Before I left on the race, my big prayer was “break my heart for what breaks Yours.” I even named my blog after it (clearly). I was expecting that this would mean a broken heart for the orphans in Africa and the victims of sex trafficking in Thailand and the gypsy kids in Romania. I never thought that my heart (and His) breaking would include the people who sinned against me. I never thought it would include me.
This past week or so has been one of true brokenness. Byron Bay is a city where I see the old me on every street corner. There are constant reminders of who I was before God intervened. And frankly, that’s been really tough. I was reliving all my mistakes, and all the trespasses committed against me, one by one. And I did not like what I saw. I felt dirty and unworthy, angry and sad and bitter.
But a few nights ago, something in me changed.
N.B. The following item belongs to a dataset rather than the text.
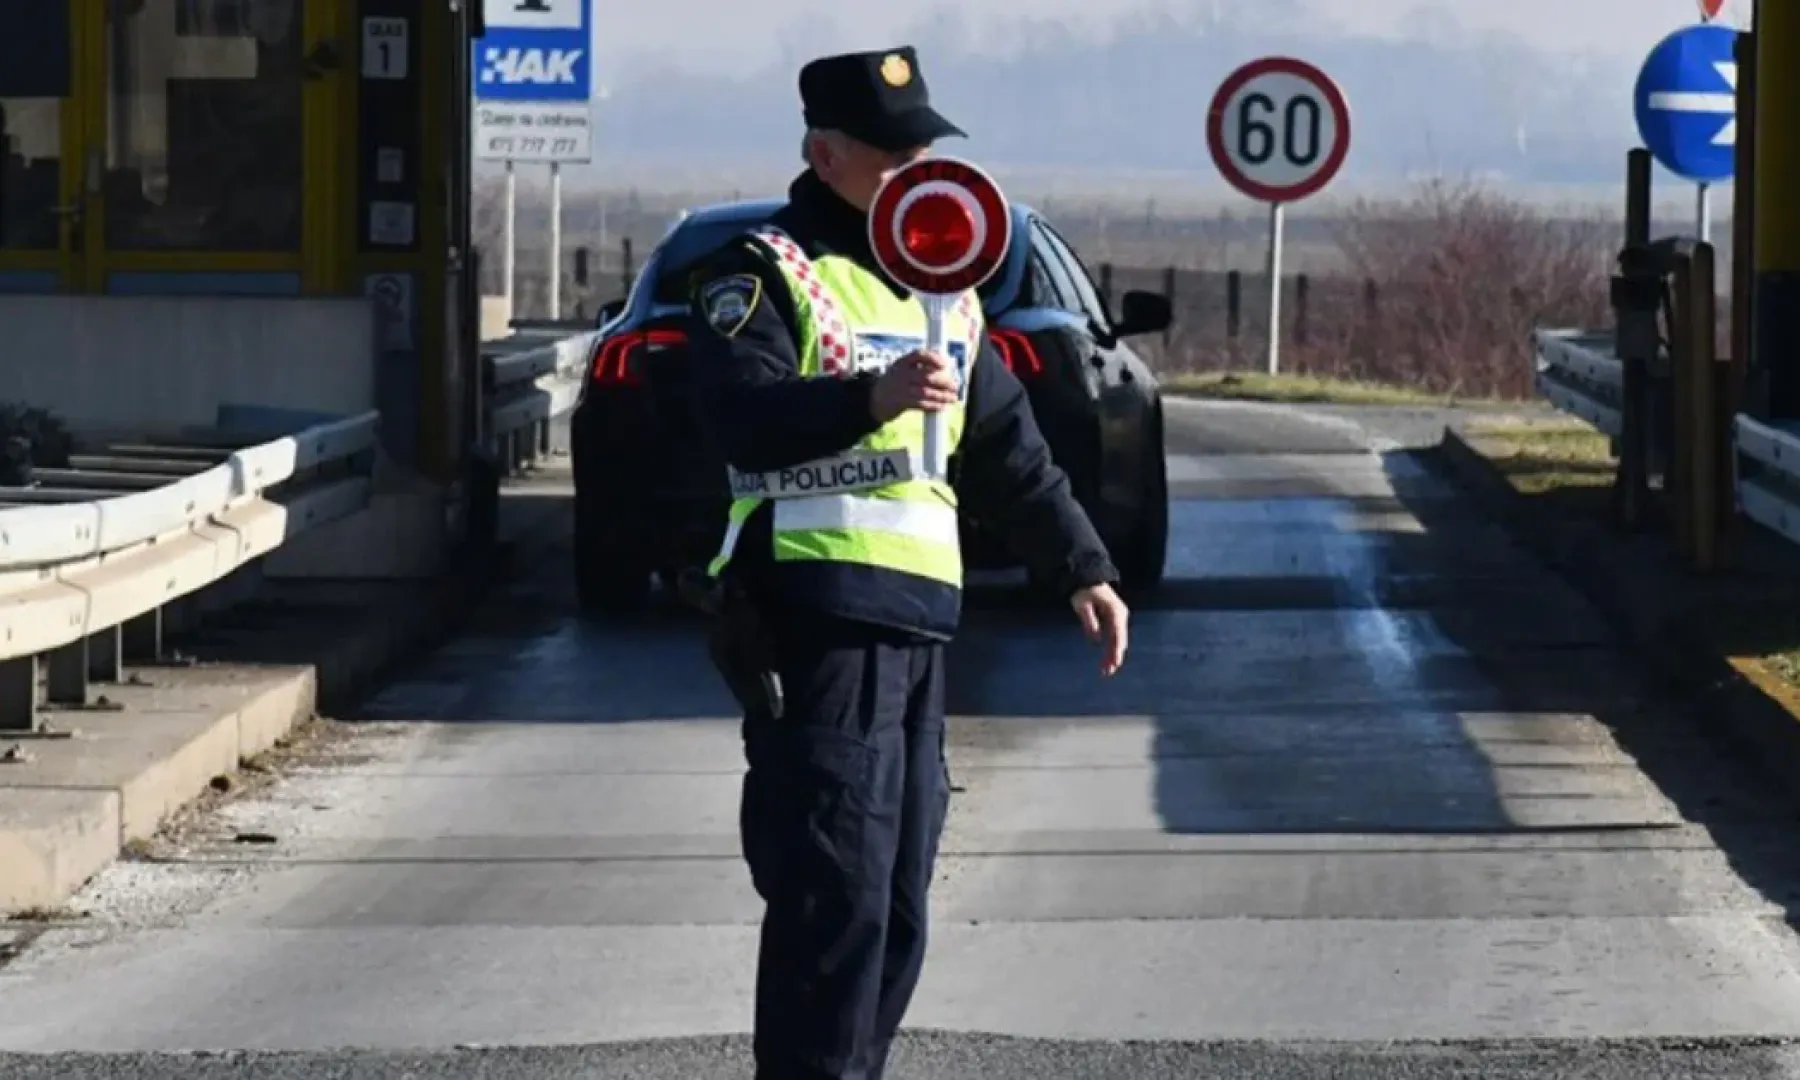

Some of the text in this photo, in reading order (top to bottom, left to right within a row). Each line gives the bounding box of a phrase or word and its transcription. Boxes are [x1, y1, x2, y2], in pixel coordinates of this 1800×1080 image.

One of my squadmates preached an awesome message on sin, and for the first time I was able to forgive some of the major sins committed against me. I was able to start the process of forgiving myself, too. It was incredible!!! And I was reminded that Jesus did not die on the cross just to forgive my sins; He died for everyone’s sins! To not forgive someone for something they did to me is in essence saying that what Christ did isn’t enough. I’d be saying, “The cross is enough to cover my sin but not yours. Sorry ’bout your luck.” THAT’S PREPOSTEROUS! Christ offers scandalous grace to any who will receive it! Scandalous because if they ask, He will forgive an adulteress, a murderer, a rapist, the worst of the worst! Scandalous because His grace forgives me and you and your neighbor and that guy you saw on the news.
I’m not gonna lie, this whole true brokenness thing has been painful and not at all fun. And there’s been a time or two this month when I wished I hadn’t prayed that prayer, but it’s beautiful to realize that God’s heart breaks for me. It’s beautiful to realize that God’s heart breaks for all of us.
His heart does break for all of His children, from those kids living in the slums to the housewife in her nice suburban home, from the people going to bed without food tonight to the drunk college kid, from the sexually abused to the hippie in Byron Bay.
And slowly but surely mine is starting to break for all of us too.